Fortia Femina - Aceitação e Preconceito

Retratos de atletas femininas do fisiculturismo. Fortia Femina é um projeto em andamento sobre a beleza e a anatomia do corpo feminino resultante do extremo da hipertrofia do fisiculturismo. A produção das fotos começou em 2004. O fisiculturismo, em suas diversas modalidades femininas, é o único esporte, análogo as modalidades masculinas, em que o corpo atinge o crescimento muscular pela pura intenção da imagem, e não como resultado de esforço, como ocorre no atletismo e em esportes de alta intensidade. A instrumentalização do corpo tendo como meta apenas a própria imagem em constante diálogo com a representação, seja no espelho e cada vez mais mediada pelas redes sociais. Inicialmente praticado apenas por homens e oficialmente homologado em 1940, somente no fim dos anos 70 as mulheres começaram a modificar o corpo no extremo da musculação, numa manifestação resultante do crescente protagonismo feminino no ocidente.
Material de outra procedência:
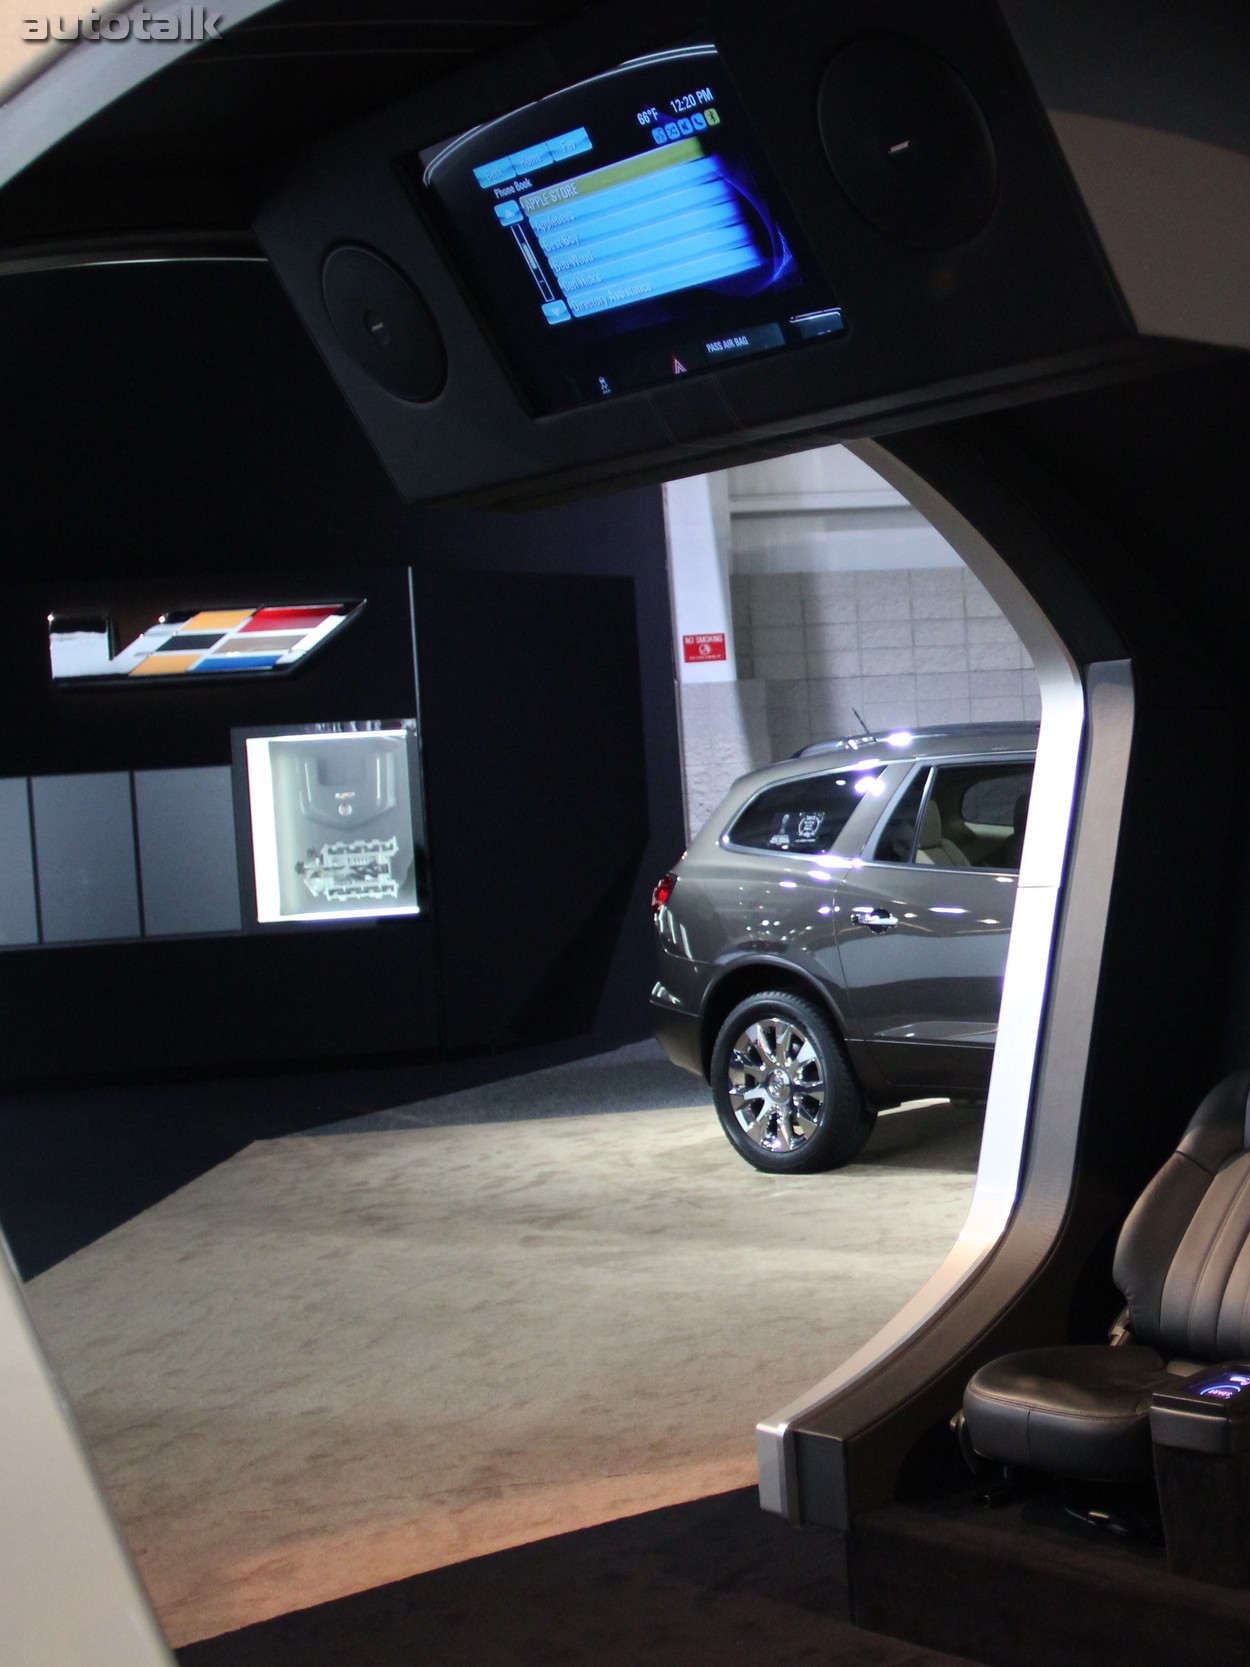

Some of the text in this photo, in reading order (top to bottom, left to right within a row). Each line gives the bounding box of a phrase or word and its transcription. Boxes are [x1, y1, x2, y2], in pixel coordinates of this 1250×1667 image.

[670, 94, 696, 113] 12:20
[695, 87, 714, 104] PM
[493, 176, 533, 199] Phone Book
[525, 182, 580, 212] APPLE STORE
[543, 230, 581, 252] Best Buy
[571, 281, 654, 312] Directory Assistance
[706, 335, 749, 353] PASS AIR BAG
[684, 635, 722, 644] NO SMOKING
Esta atleta, porém, enfrenta um paradoxo sobre a plenitude decisória sobre o próprio corpo: a busca da aceitação pela praxis da imagem - o espelho é o seu principal aferidor de desempenho - e o preconceito, maior do que o enfrentado por travestis e transsexuais de origem masculina, sendo a instrumentalização do feminino com significantes masculinos, o antagonismo com a associação comum da mulher a conceitos complementares como fragilidade. As fronteiras entre os signos masculinos e femininos, independente da questão de gênero e orientação, são interseccionais no fisiculturismo feminino. A questão do limite comportamental é transcendida pelo prazer da transformação e pelo desafio da superação, amparada pela autonomia e satisfação da modificação do próprio corpo.